Computed tomographic cholangiography
Magnetic resonance (MR) cholangiography is non-invasive but sometimes fails to display the normal intrahepatic ducts. Multidetector CT cholangiography can be useful in this instance. With this technique the biliary tree is opacified using an i.v. cholangiographic agent. Isotropic data from 0.625 mm section thickness slices can be reconstructed to provide high-resolution three-dimensional images. Insufficient opacification may be seen with excessively dilated ducts.
Technique
1. Patient fasted for at least 6 h.
2. 100 ml i.v. cholangiographic agent, e.g. meglumine iotroxate (biliscopin R) infused for 50 min as a biliary contrast1 or iodipamide meglumine 52% – 20 ml diluted with 80 ml of normal saline infused over 30 min.2
3. CT scan should be obtained at least 35 min after infusion of contrast agent.
References
1. Hyodo, T, Kumano, S, Kushihata, F, et al. CT and MR cholangiography: advantages and pitfalls in perioperative evaluation of biliary tree. Br J Radiol. 2012; 85(1015):887–896.
2. Schindera, ST, Nelson, RC, Paulson, EK, et al. Assessment of the optimal temporal window for intravenous CT cholangiography. Eur Radiol. 2007; 17(10):2531–2537.
Francis, IR, Cohan, RH, McNulty, NJ, et al. Multidetector CT of the liver and hepatic neoplasms: effect of multiphasic imaging on tumor conspicuity and vascular enhancement. Am J Roentgenol. 2003; 180(5):1217–1224.
Oto, A, Tamm, EP, Szklaruk, J. Multidetector row CT of the liver. Radiol Clin North Am. 2005; 43(5):827–848.
Computed tomography of the pancreas
Technique
1. Negative (e.g. water) oral contrast is generally preferred but positive (e.g. iodinated) may be given if necessary to opacify distal bowel loops. Positive oral contrast agent is contraindicated if CT angiography is to be performed. Volume and timing of oral contrast agent will depend upon whether opacification of distal bowel loops is required.
2. Venous access is obtained.
3. The patient is scanned supine and a scout view is obtained.
4. A non-contrast-enhanced examination can be performed initially if detection of subtle calcification is required.

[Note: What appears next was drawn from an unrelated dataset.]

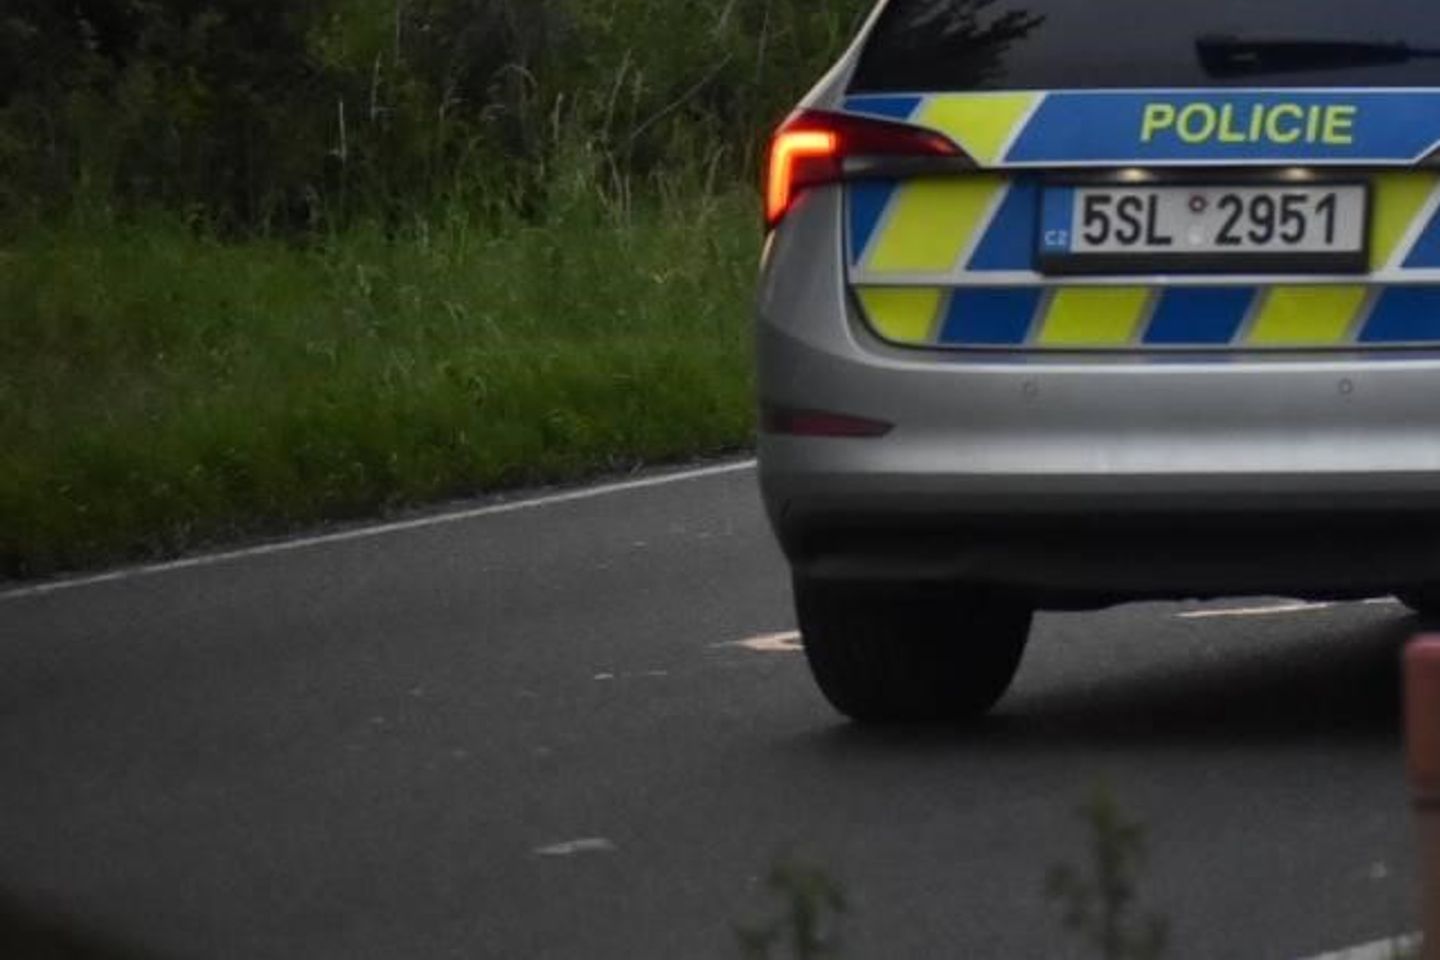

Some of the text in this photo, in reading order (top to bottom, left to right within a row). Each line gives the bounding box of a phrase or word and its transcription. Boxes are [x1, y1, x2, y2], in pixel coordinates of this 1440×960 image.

[1140, 102, 1357, 144] POLICIE
[1083, 193, 1337, 245] 5SL 2951

5. The volume of i.v. contrast used will depend upon the type of scanner. Faster acquisition will allow a smaller volume of contrast, generally 100 ml or less. The timing of the scan in relation to i.v. contrast will depend upon the clinical question. Pancreatic phase enhancement (40 s after commencement of bolus injection) is necessary for optimum contrast differences between pancreatic adenocarcinoma and normal pancreatic tissue, with portal venous phase scans included in the protocol to investigate hepatic metastatic disease. Islet cell tumours and their metastases may show avid enhancement on arterial phase scans and become isodense with normal pancreatic tissue on portal phase scans. A portal phase scan is generally necessary to investigate flow and the relationship of the tumour to the portal vein.
6. The volume and strength of the i.v. contrast will depend upon the speed of the scanner.

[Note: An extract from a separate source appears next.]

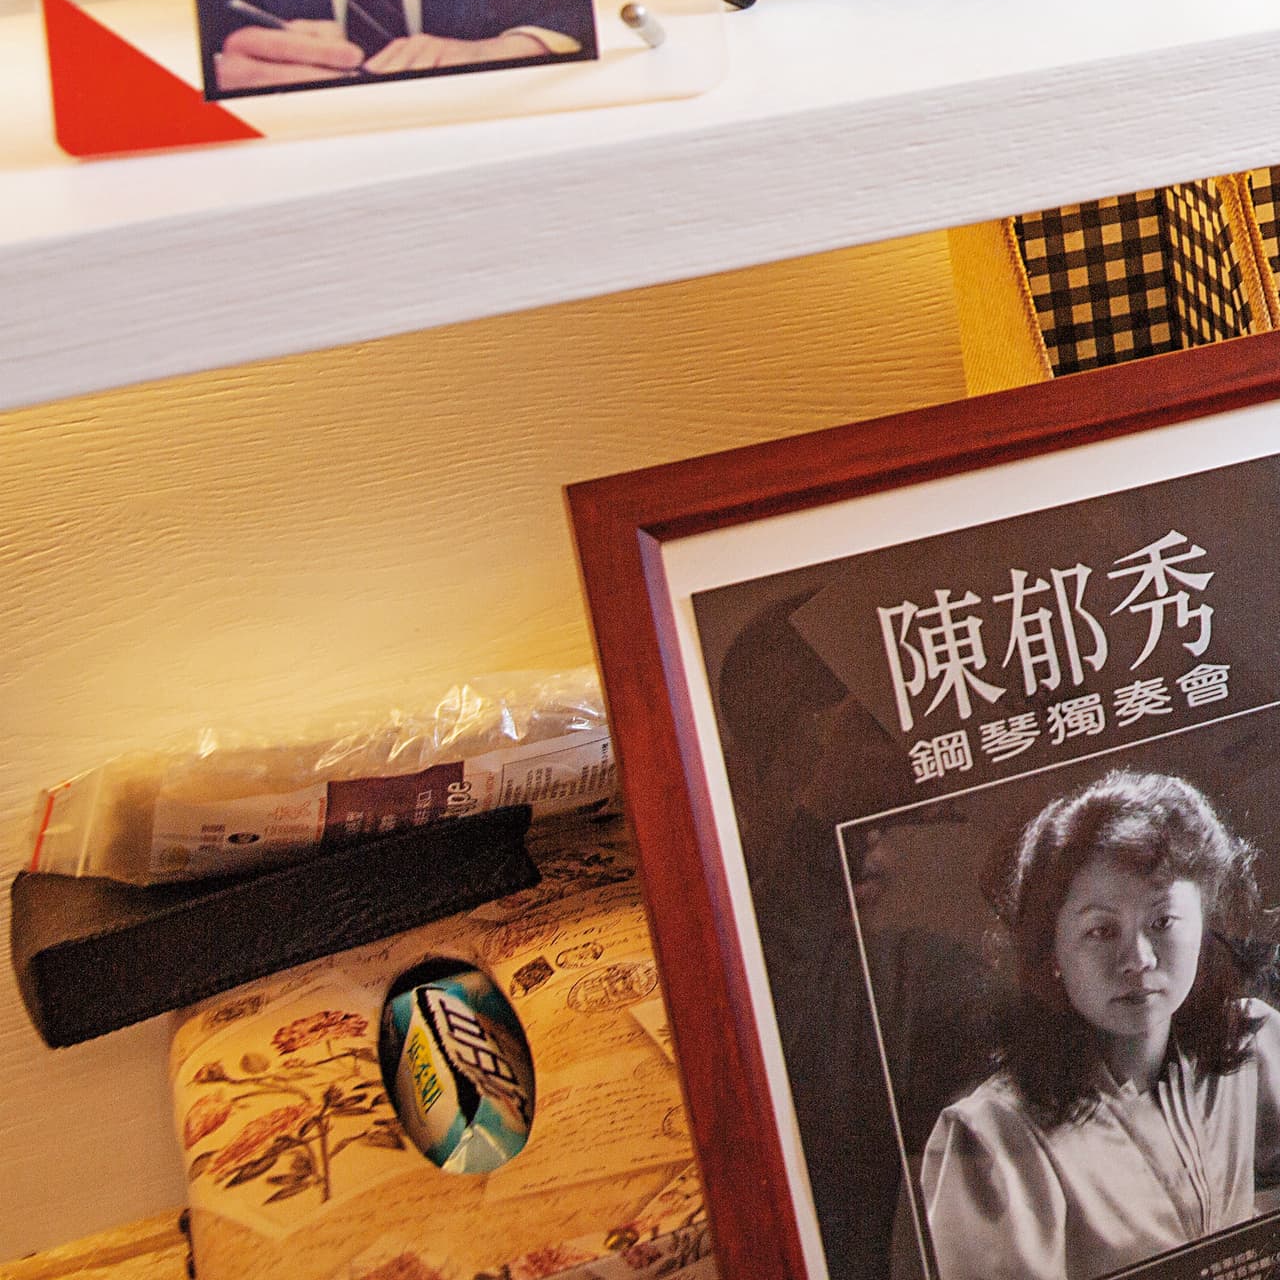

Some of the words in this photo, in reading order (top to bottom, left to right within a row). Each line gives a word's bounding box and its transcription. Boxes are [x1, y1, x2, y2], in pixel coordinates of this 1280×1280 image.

7. Slice thickness should be 3 mm or less.
Fletcher, JG, Wiersema, MJ, Farrell, MA, et al. Pancreatic malignancy: value of arterial, pancreatic, and hepatic phase imaging with multi-detector row CT. Radiology. 2003; 229(1):81–90.
Goshima, S, Kanematsu, M, Kondo, H, et al. Pancreas: optimal scan delay for contrast-enhanced multi-detector row CT. Radiology. 2006; 241(1):167–174.